Возможно, Гагарин смог бы найти себе место в постсоветском обществе, став мостом, соединяющим его со старым режимом. Иконоборчество перестройки обернулось дефицитом героев. Чем больше мы узнавали правды, тем меньше нам нравились те, кто ее заслужил. Но Гагарин остался, кем был, – символом, достаточно расплывчатым, чтобы вместить любовь правых и левых, и достаточно конкретным, чтобы запомниться обаятельной улыбкой. Будучи никем, он мог стать всем – депутатом, вождем, президентом. Имя, объединяющее, как корона, обеспечивало Гагарину потенцию декоративной власти с оттенком высшего – космического – значения.
Впрочем, я и сам мало верю в такой сценарий.
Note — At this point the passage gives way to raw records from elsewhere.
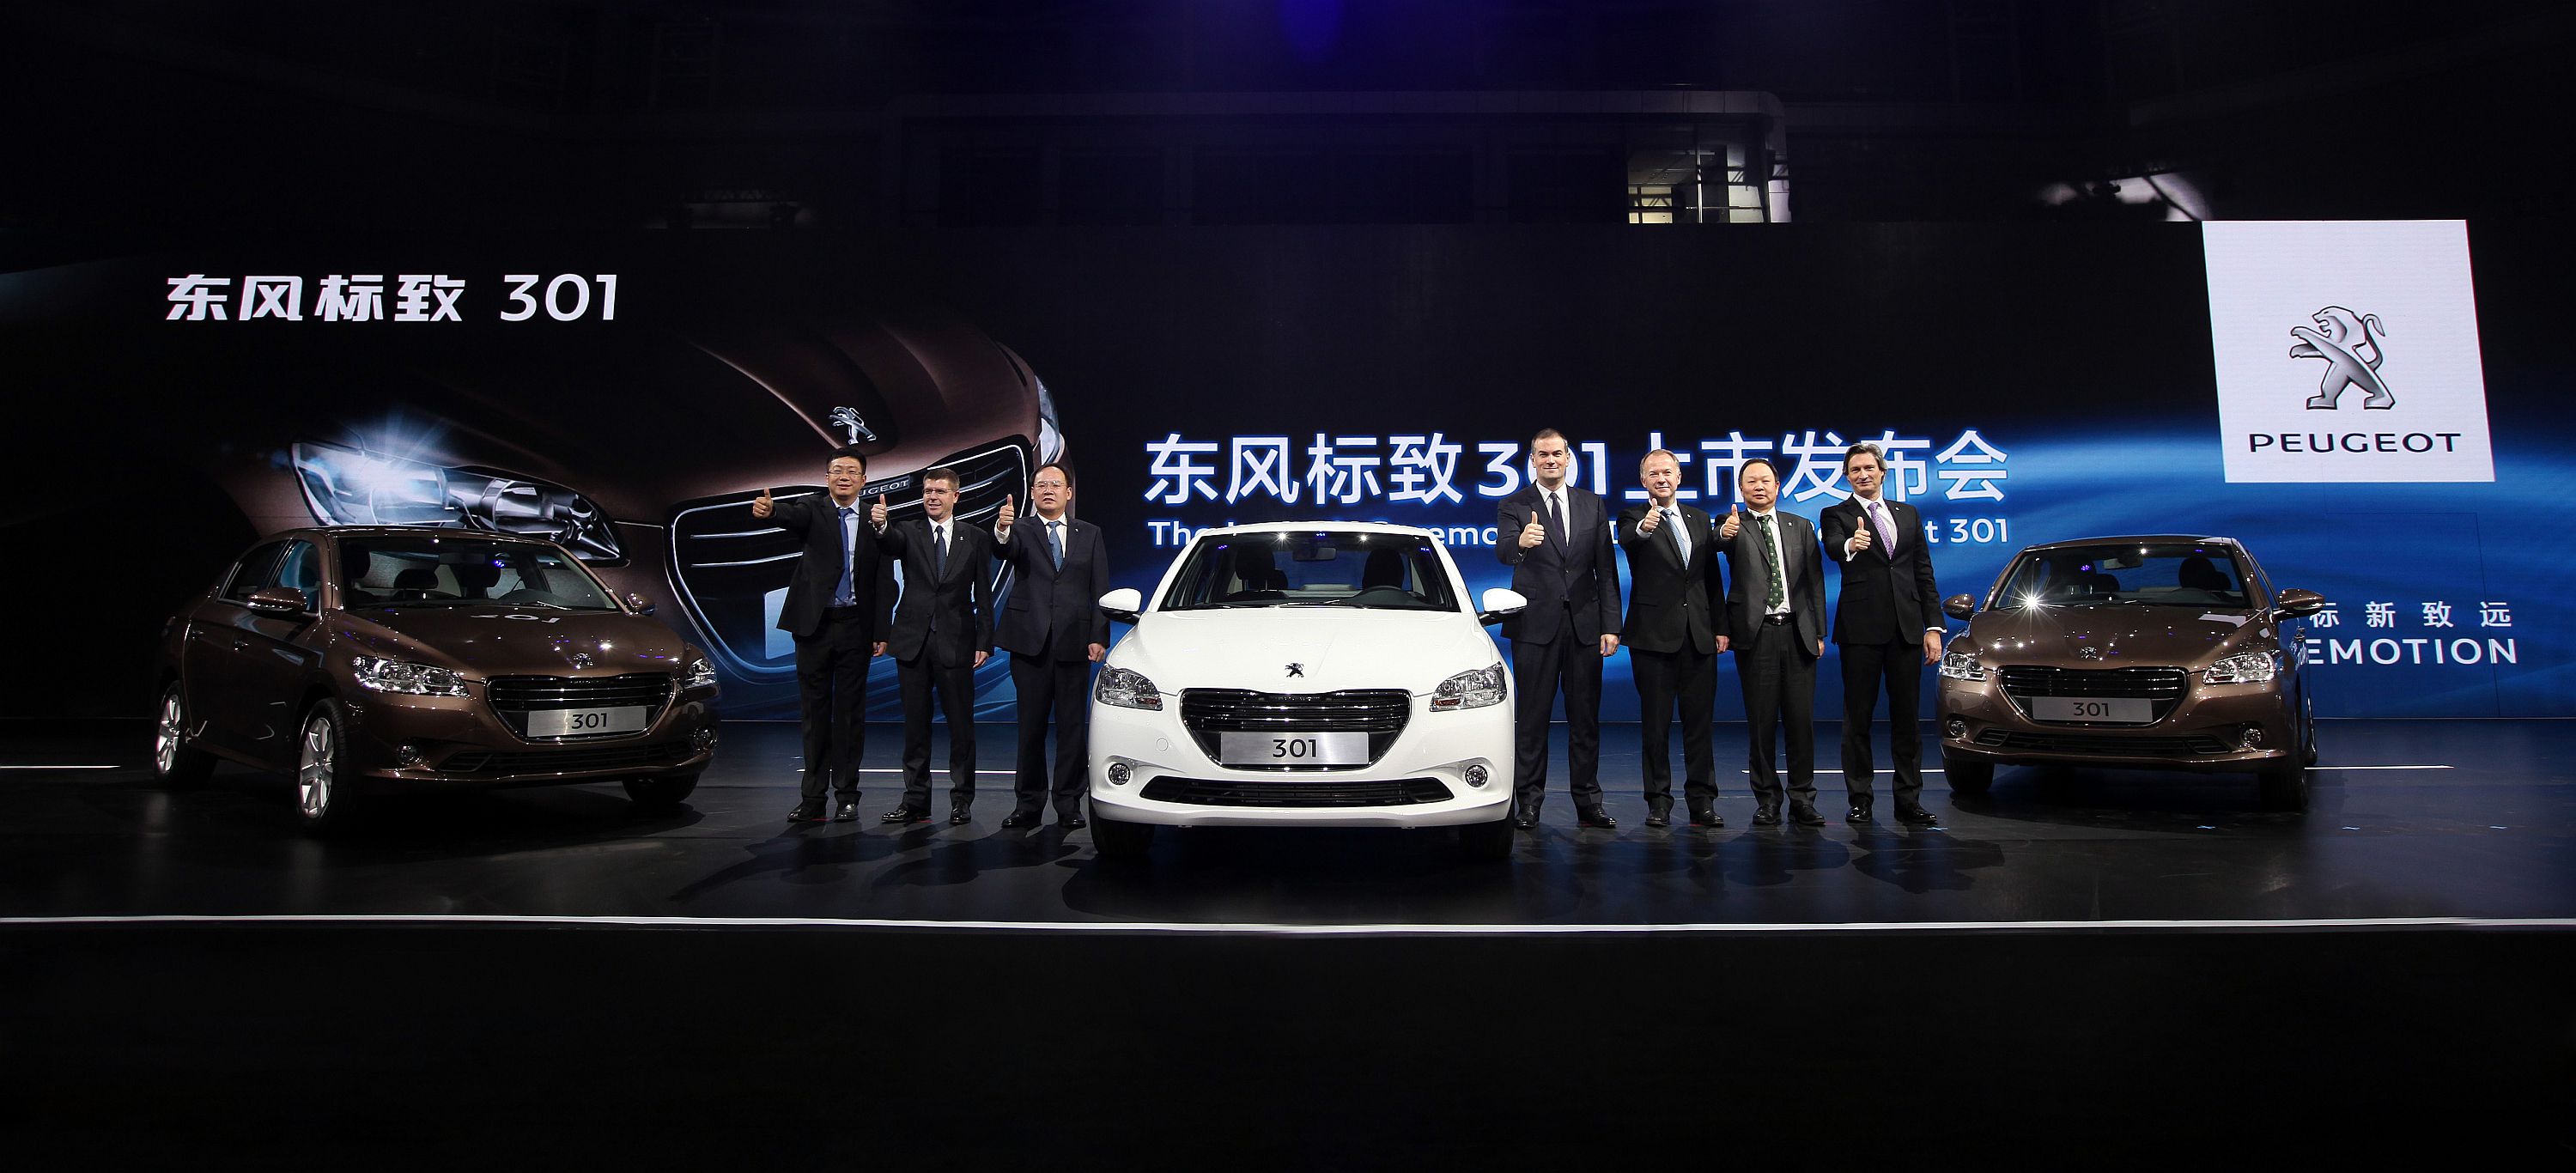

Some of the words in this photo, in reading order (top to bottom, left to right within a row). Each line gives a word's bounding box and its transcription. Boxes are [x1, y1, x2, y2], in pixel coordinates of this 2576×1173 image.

[166, 274, 465, 321] 东风标致
[500, 273, 617, 321] 301
[2249, 432, 2462, 453] PEUGEOT
[859, 479, 909, 496] UGEOT
[1950, 518, 2008, 543] 301
[2309, 600, 2512, 628] 标新致远
[2306, 638, 2517, 665] EMOTION
[2073, 702, 2110, 717] 301
[571, 712, 608, 730] 301
[1273, 738, 1316, 758] 301
Космос исчез из нашей души. И если сегодня на родине любят Гагарина, то, подозреваю, лишь за то, что его полет по-настоящему напугал Запад, ждавший от советской власти чего угодно, кроме этого.
12 марта
Ко дню рождения Джека Керуака
На дворе стояли 1950-е. Жизнерадостная, устойчивая, даже ортодоксальная эпоха, которую теперь называют “старая добрая Америка”. Но это – только часть правды о том времени. Недавно закончившаяся война с японцами занесла в страну странный вирус дзена, который заразил нескольких молодых мечтателей. Их болезнь не имела отношения ни к религии, ни к искусству. Они делали то, что помещалось между одним и другим. Самый одаренный, Керуак, хотел жить, как писал, и писать, как жил. Его литература была неостановимым, словно дыхание, отчетом о происходящем. В ней не было вымысла, но и правдой это не назовешь.
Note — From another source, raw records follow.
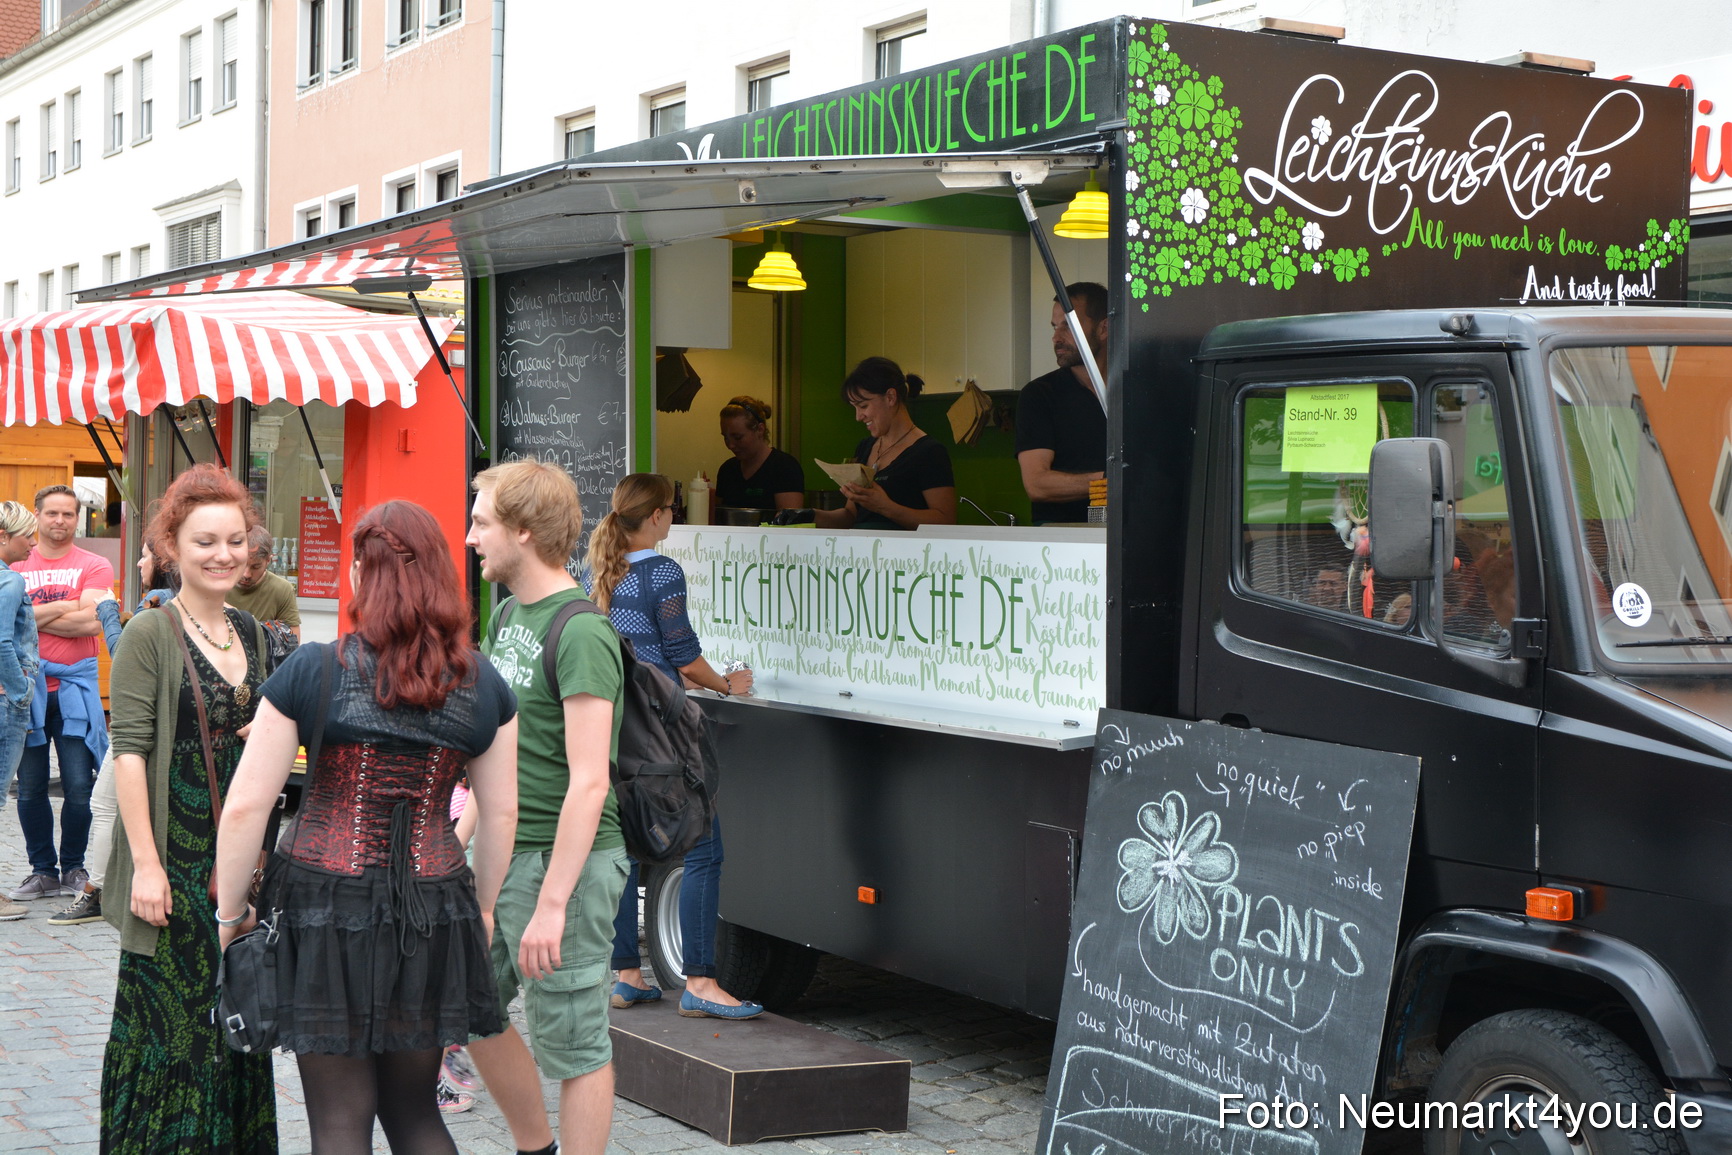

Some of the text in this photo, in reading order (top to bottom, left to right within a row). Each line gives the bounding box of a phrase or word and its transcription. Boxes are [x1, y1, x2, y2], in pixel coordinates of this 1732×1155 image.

[742, 33, 1097, 159] LEICHTSINNSKUECHE.DE
[1401, 206, 1601, 261] All you need is love.
[505, 286, 543, 314] Servus
[1518, 264, 1658, 306] And tasty food!
[517, 319, 531, 332] uns
[1288, 407, 1358, 421] Stand-Nr. 39
[1309, 393, 1350, 401] Altstadtfest 2017
[694, 532, 722, 564] Grün
[759, 534, 824, 568] Geschmack
[871, 538, 921, 574] Genuss
[968, 545, 1041, 580] Vitamine
[1041, 545, 1101, 586] Snacks
[711, 560, 1024, 655] LEICHTSINNSKUECHE.DE
[1026, 608, 1101, 649] Köstlich
[1030, 583, 1104, 632] Vielfalt
[743, 611, 784, 644] Gesund
[884, 624, 936, 660] Aroma
[993, 633, 1038, 681] Spass
[1038, 639, 1098, 690] Rezept
[757, 641, 796, 681] Vegan
[845, 648, 920, 687] Goldbraun
[919, 660, 985, 698] Moment
[984, 663, 1032, 702] Sauce
[1032, 669, 1101, 712] Gaumen
[1100, 755, 1122, 775] no
[1216, 760, 1239, 782] no
[1296, 843, 1319, 860] no
[1209, 946, 1307, 1023] ONLY
[1076, 1009, 1106, 1034] aus
[1081, 968, 1327, 1087] handgemacht mit Zutaten
Керуак сосредоточенно и безжалостно (в первую очередь к себе – не зря он умер в сорок семь лет) искал способ прожить обычную жизнь необычным образом. Это вовсе не значит, что он, как, скажем, Джек Лондон, искал приключений. Керуак ухватился за дзен потому, что тот настаивал на обыденном.
Истина либо везде, либо нигде. К ней нельзя прийти, потому что она – в пути. Самая знаменитая книга Керуака так и называется – “В дороге”, не куда, а где.
“В этом мире, – говорит один из его героев, – жить невозможно, но ведь больше негде”.
Помешавшийся, как все битники, на Востоке, Керуак сделал единицей своего письма японские трехстишия хайку, которые он развернул в бесконечный, будто джазовая импровизация, словесный поток. Хайку запрещает прошлое и будущее, сравнение и мудрствование, красоту и мысль. Я хочу, признавался Керуак, “заглянуть в пустоту головы и наполниться полнейшим равнодушием к каким бы то ни было идеям”.
Сделав автора героем, он перевел себя в пассивный залог. Его первичный импульс: писать не что знаешь, а что видишь, свято веря, что мир сам раскроет свою природу. Шопенгауэр называл это поэзией, Керуак – революцией.